Haunted by the death of their child

2013-07-04 00:00

A HAYFIELDS couple who reported a local gynaecologist to the Health Profession Council of South Africa (HPCSA) for alleged “negligence” say they have not recovered from the loss of their baby girl in May last year.

A year has come and gone, but Deon Wilmot (36) and his fiancée Melanie Fourie (26) said their baby’s death still haunts them.

The couple are still hoping that the HPCSA will investigate their case.

Wilmot has since lost his job as a car salesman because of under-performance due to depression.

Relaying the story in their modest home, the couple said they were excited to learn that they were expecting a baby in August 2011.

But their joy was shortlived when, at 38 weeks, Fourie gave birth to a stillborn baby in May last year.

This, after the doctor gave them the impression that the baby was healthy during the first trimester.

At 36 weeks, the doctor apparently informed the pair that the baby was not growing fast enough.

The baby is believed to have weighed just 2,6 kg at that point and the doctor declined to put Fourie through an induced labour, because she wanted the baby to pick up about 200 grams first.

At 38 weeks, the couple went for their appointment, five days before Fourie was booked in for induced ­labour.
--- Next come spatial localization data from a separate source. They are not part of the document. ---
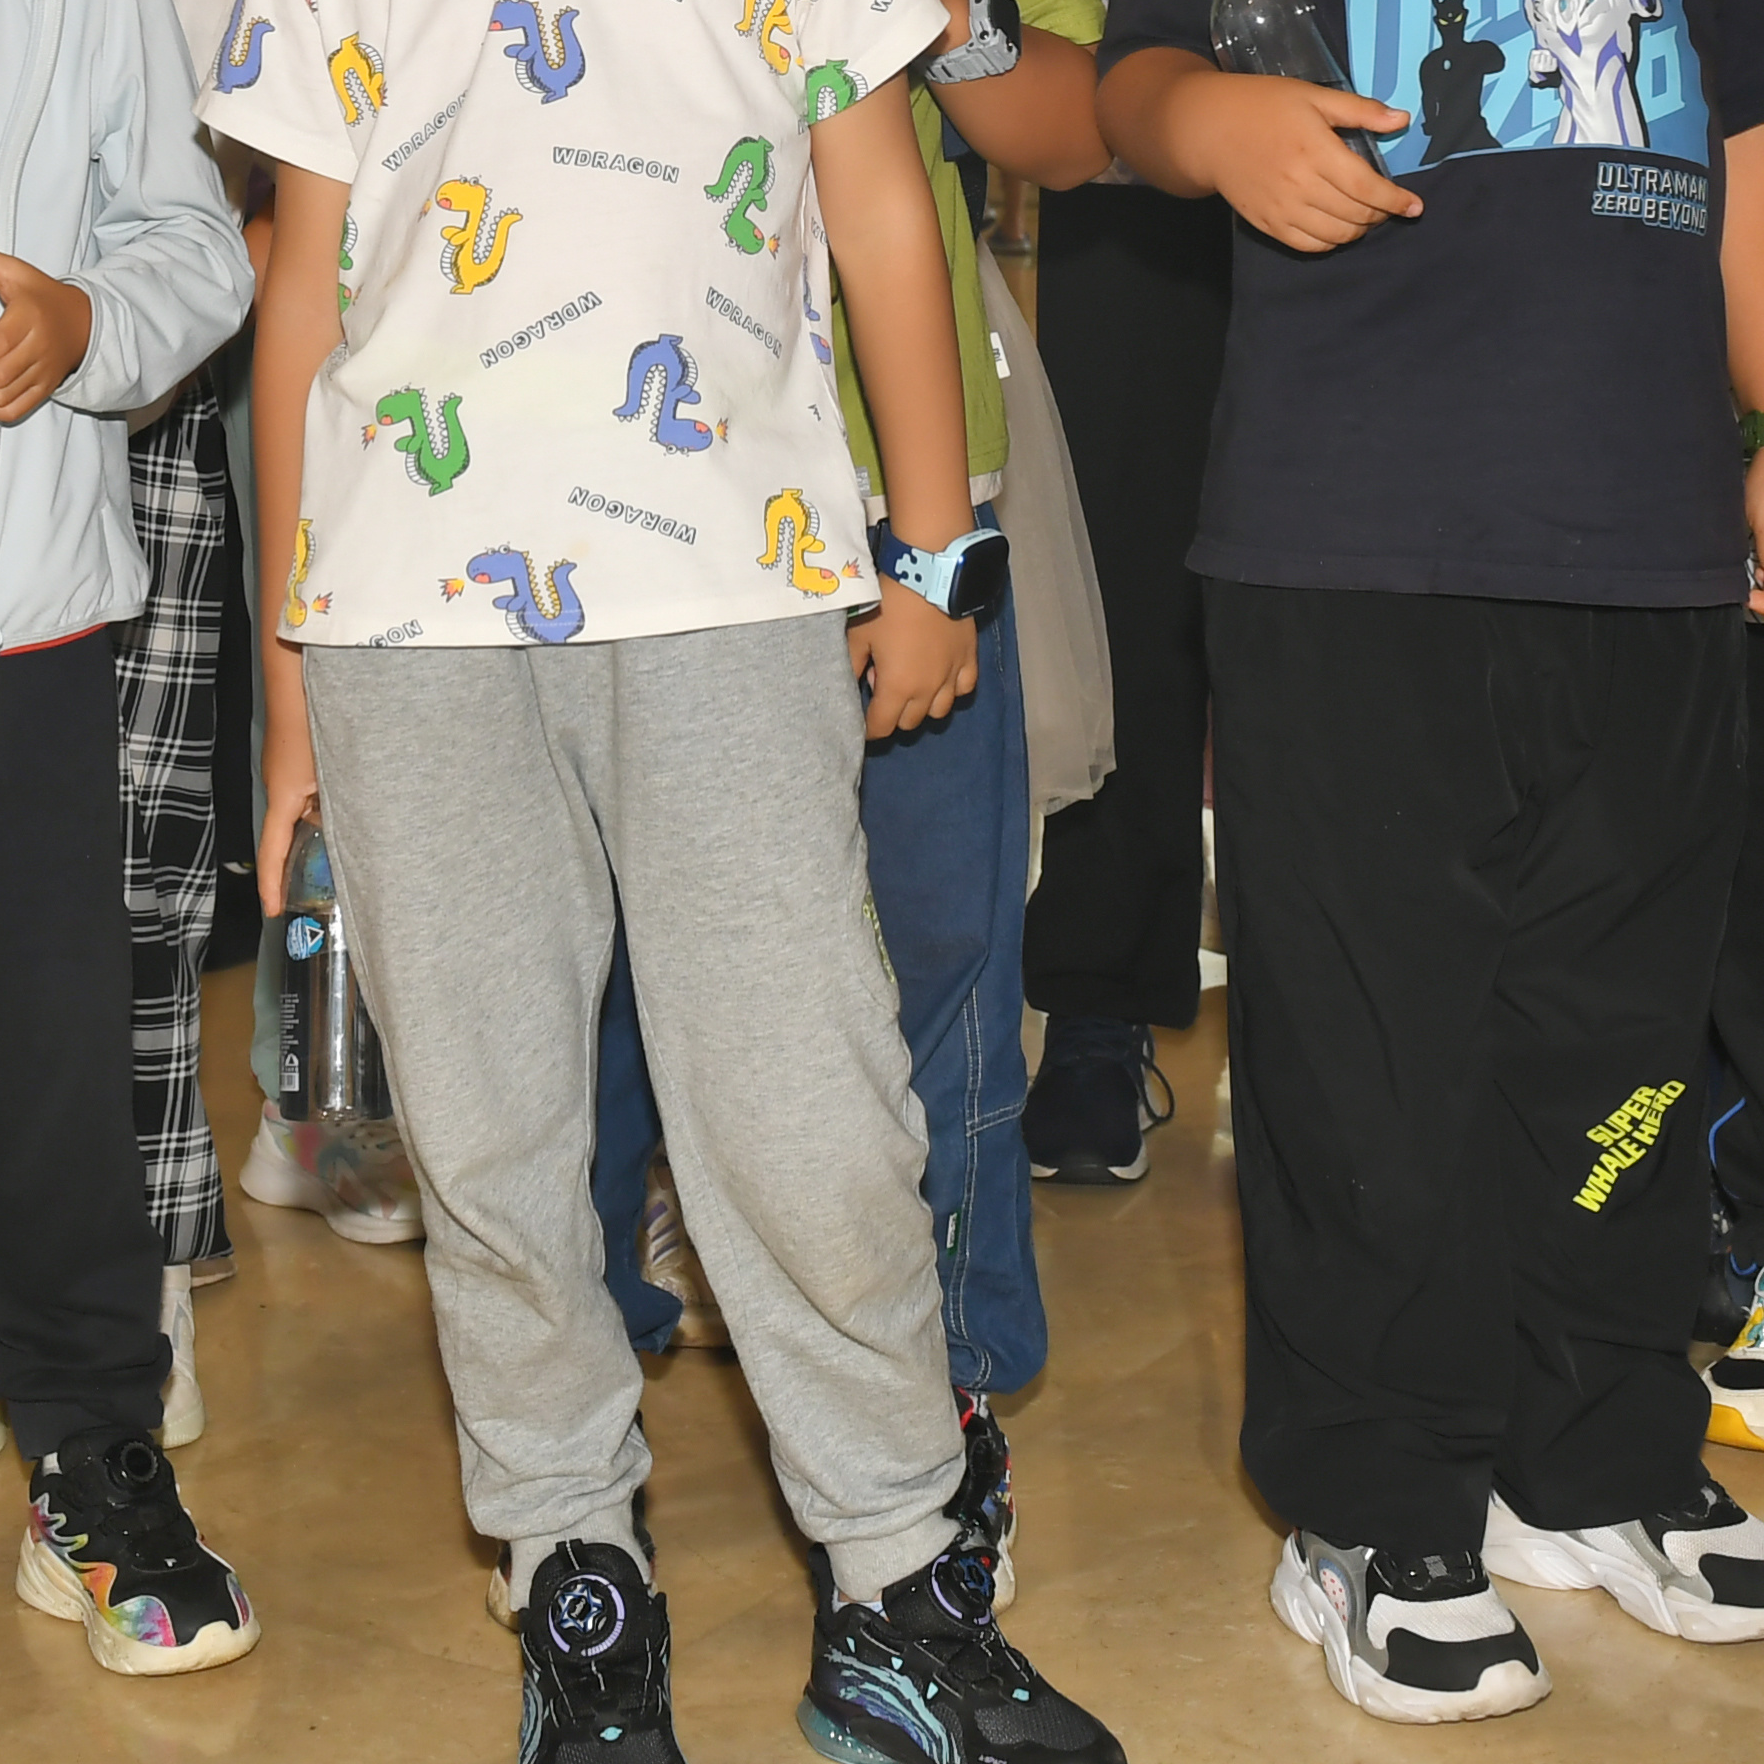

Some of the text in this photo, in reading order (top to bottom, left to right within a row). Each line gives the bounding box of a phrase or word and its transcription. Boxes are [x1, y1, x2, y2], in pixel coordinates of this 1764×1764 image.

[553, 146, 680, 184] WDRAGON
[1598, 163, 1708, 204] ULTRAMAN
[1592, 192, 1708, 233] ZERO BEYOND
[480, 291, 602, 369] WDRAGON
[705, 286, 783, 359] WDRAGON
[567, 486, 697, 545] WDRAGON
[1573, 1080, 1687, 1212] WHALE HERO
[1586, 1085, 1658, 1147] SUPER
But the doctor said “there was no heartbeat”, and that the baby had died.

Fourie said the stillborn baby was 1,76 kg when she delivered her.
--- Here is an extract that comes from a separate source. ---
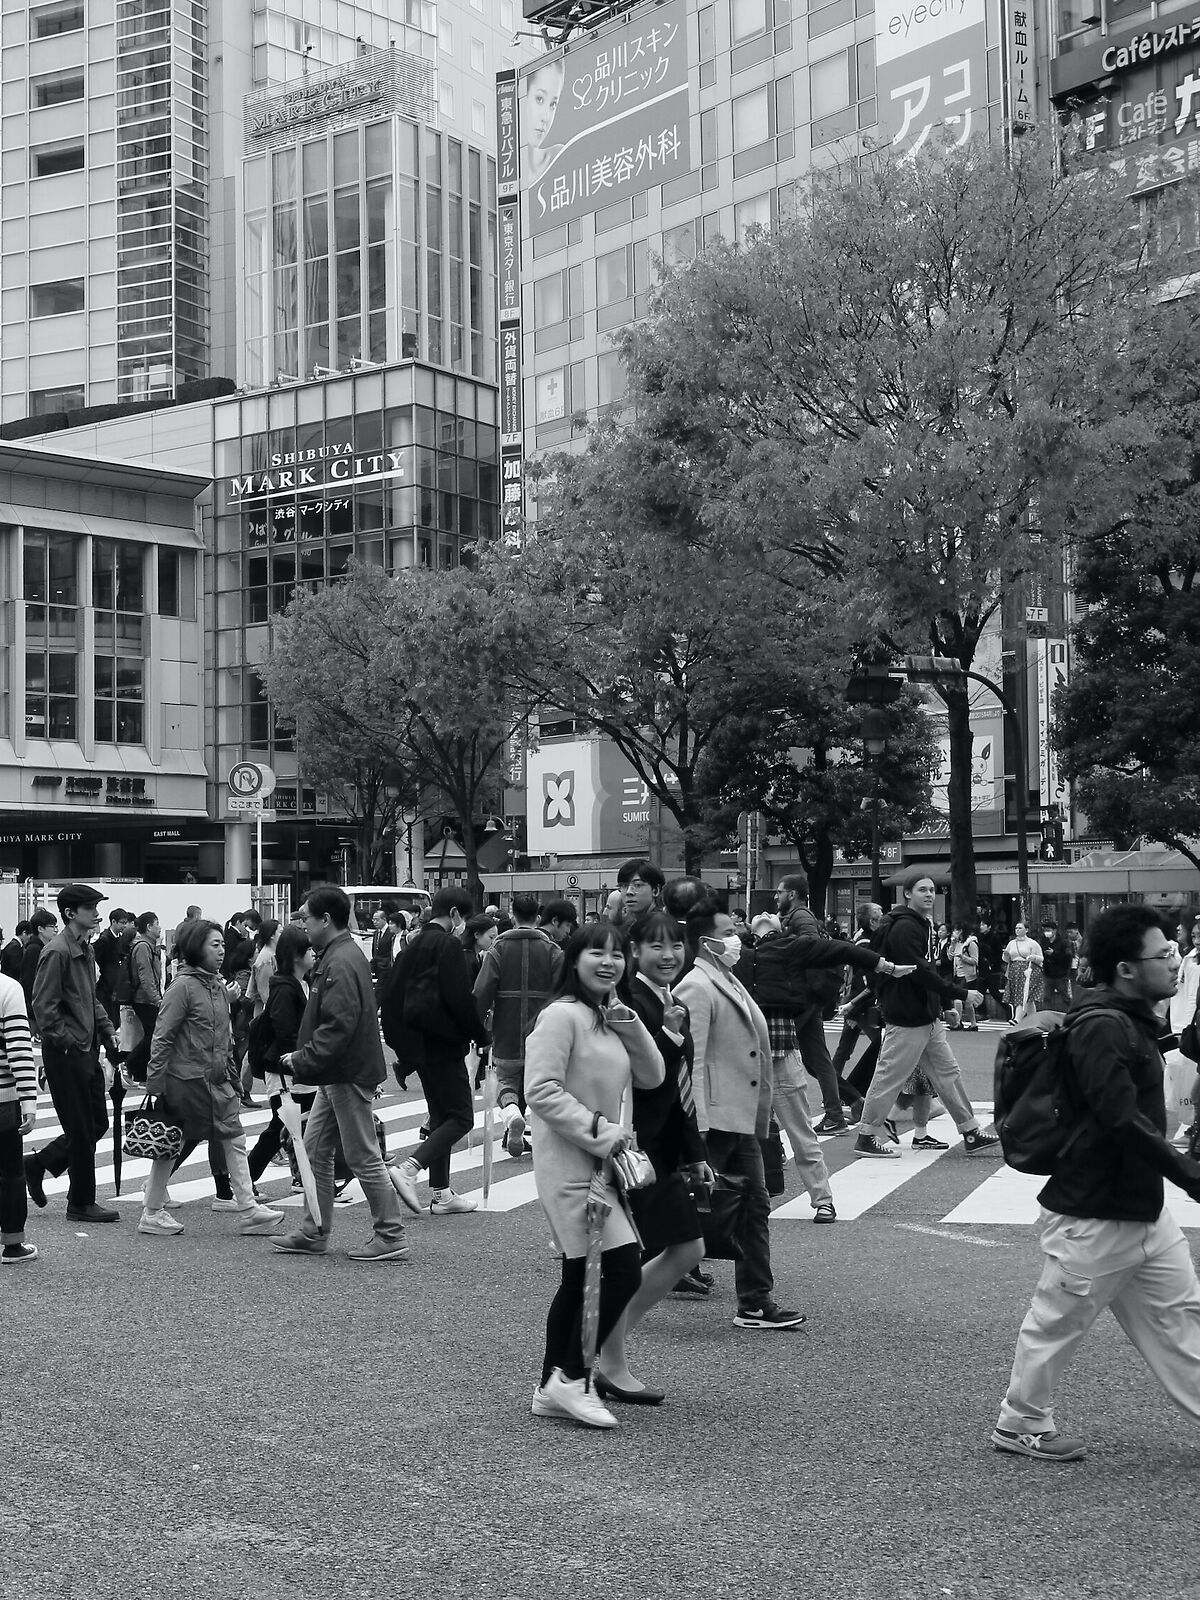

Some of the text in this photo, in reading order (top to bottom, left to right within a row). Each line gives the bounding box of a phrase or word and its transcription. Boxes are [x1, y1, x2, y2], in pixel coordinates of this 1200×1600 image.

Fourie accused the doctor of ­being unprofessional and said she did not even conduct a Dilation and Curettage (DNC) after the birth.

The couple said the doctor knew at 32 weeks about the complications but did nothing to help the situation, and instead delayed their appointment for induced labour. They believe their daughter’s death could have been prevented.

Six weeks after the incident, the couple said they met the doctor to discuss a medical bill.

“When I asked about this charge of R3 600, the doctor said, ‘Don’t worry about it. I’ll pay it out of my pocket.’ In my eyes I saw it as an admission of guilt,” Wilmot said.

“The doctor admitted that there was a problem with the baby before.”

He said he was told that the doctor based the judgment on gut feeling because that’s how doctors worked sometimes. The doctor apologised to Fourie for what happened, he said.

The family has downgraded their lifestyle, after Wilmot lost his job due to depression.

“[The doctor] messed up our lives.”

Since then, the couple have had a son, Tariq (two months), and are also focusing their energy on raising their four-year-old daughter from Fourie’s previous relationship.

“God has blessed us with Tariq. I’m not saying he’s a replacement. I’m a strong person and I’m dealing with it. We still need to go do her ashes, which is going to be hard,” said Fourie.

Wilmot said he sent about 50 e-mails to the HPCSA, but it has been dragging its feet.

The council’s spokesperson, Sipho Mbele, said they were still awaiting more documents before they can obtain the hospital records and continue their investigation. The matter will then be heard before a preliminary committee of inquiry to determine if there are grounds for a further investigation, said Mbele.

The doctor’s attorney, Altus Janse van Rensburg, said his client has submitted an explanation to HPCSA and cannot disclose any information without the patient’s consent. Van Rensburg said it was premature to comment on this matter.